=== Section Start ===

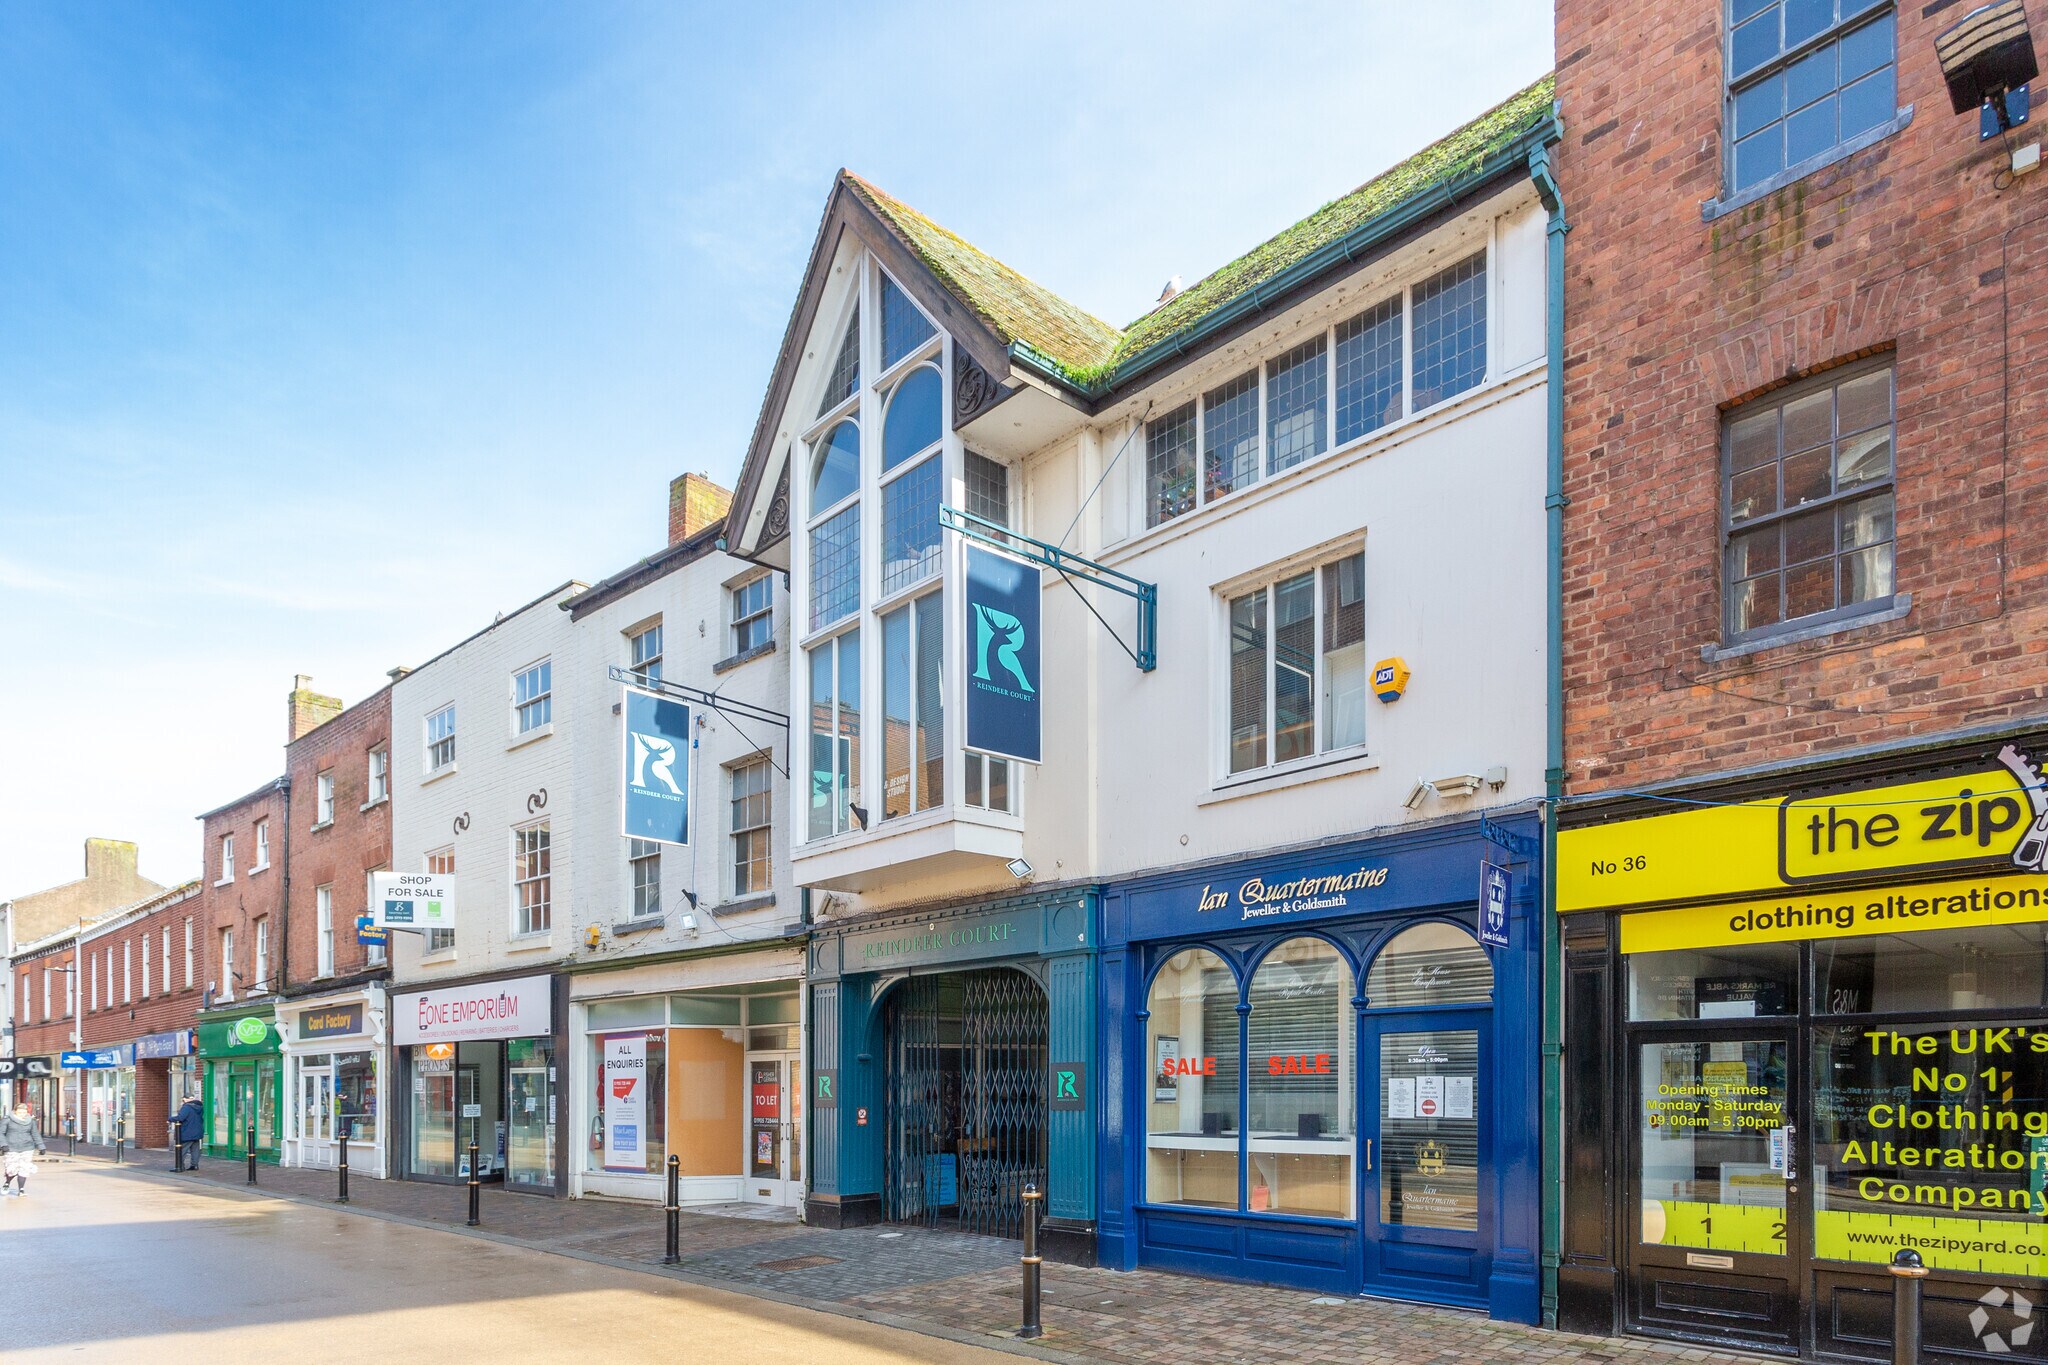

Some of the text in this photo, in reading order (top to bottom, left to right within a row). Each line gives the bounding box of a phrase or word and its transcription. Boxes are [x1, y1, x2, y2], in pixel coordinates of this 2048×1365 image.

[1376, 669, 1394, 684] ADT
[977, 682, 1031, 702] REINDEER COURT
[633, 788, 681, 802] REINDEER COURT
[1807, 788, 2022, 855] the zip
[1591, 855, 1647, 876] No 36
[400, 876, 431, 884] SHOP
[388, 888, 443, 897] FOR SALE
[1198, 867, 1389, 912] Ian Quartermaine
[1241, 894, 1347, 921] Jeweller & Goldsmith
[1729, 887, 2048, 932] clothing alteration
[359, 930, 387, 939] Factory
[950, 922, 1011, 947] COURT
[452, 994, 518, 1022] EMPORIUM
[241, 1023, 264, 1035] VPZ
[308, 1014, 351, 1031] Card Factory
[1864, 1027, 2048, 1055] The UK's
[618, 1046, 632, 1055] ALL
[420, 1060, 449, 1071] PHONES
[607, 1058, 644, 1069] ENQUIRIES
[1163, 1057, 1217, 1076] SALE
[1268, 1053, 1331, 1076] SALE
[1912, 1066, 1996, 1092] No 1
[1658, 1084, 1768, 1097] Opening Times
[755, 1095, 777, 1105] TO LET
[1646, 1099, 1701, 1112] Monday
[1714, 1099, 1782, 1113] Saturday
[1649, 1115, 1709, 1126] 09.00am
[1722, 1115, 1779, 1130] 5.30pm
[1868, 1104, 2048, 1137] Clothing
[1842, 1140, 2048, 1170] Alteration
[1402, 1192, 1459, 1206] Quartermaine
[1859, 1177, 2048, 1217] Company
[1700, 1217, 1712, 1234] 1
[1771, 1222, 1787, 1240] 2
[1847, 1232, 2047, 1257] www.thezipyard.co.

=== Section End ===

◆ The problem ◆
Hand back all the entries exactly, leaving out the pictures.

◆ Output below ◆
Some of the text in this photo, in reading order (top to bottom, left to right within a row). Each line gives the bounding box of a phrase or word and its transcription. Boxes are [x1, y1, x2, y2], in pixel coordinates of this 2048×1365 image.

[1376, 669, 1394, 684] ADT
[977, 682, 1031, 702] REINDEER COURT
[633, 788, 681, 802] REINDEER COURT
[1807, 788, 2022, 855] the zip
[1591, 855, 1647, 876] No 36
[400, 876, 431, 884] SHOP
[388, 888, 443, 897] FOR SALE
[1198, 867, 1389, 912] Ian Quartermaine
[1241, 894, 1347, 921] Jeweller & Goldsmith
[1729, 887, 2048, 932] clothing alteration
[359, 930, 387, 939] Factory
[950, 922, 1011, 947] COURT
[452, 994, 518, 1022] EMPORIUM
[241, 1023, 264, 1035] VPZ
[308, 1014, 351, 1031] Card Factory
[1864, 1027, 2048, 1055] The UK's
[618, 1046, 632, 1055] ALL
[420, 1060, 449, 1071] PHONES
[607, 1058, 644, 1069] ENQUIRIES
[1163, 1057, 1217, 1076] SALE
[1268, 1053, 1331, 1076] SALE
[1912, 1066, 1996, 1092] No 1
[1658, 1084, 1768, 1097] Opening Times
[755, 1095, 777, 1105] TO LET
[1646, 1099, 1701, 1112] Monday
[1714, 1099, 1782, 1113] Saturday
[1649, 1115, 1709, 1126] 09.00am
[1722, 1115, 1779, 1130] 5.30pm
[1868, 1104, 2048, 1137] Clothing
[1842, 1140, 2048, 1170] Alteration
[1402, 1192, 1459, 1206] Quartermaine
[1859, 1177, 2048, 1217] Company
[1700, 1217, 1712, 1234] 1
[1771, 1222, 1787, 1240] 2
[1847, 1232, 2047, 1257] www.thezipyard.co.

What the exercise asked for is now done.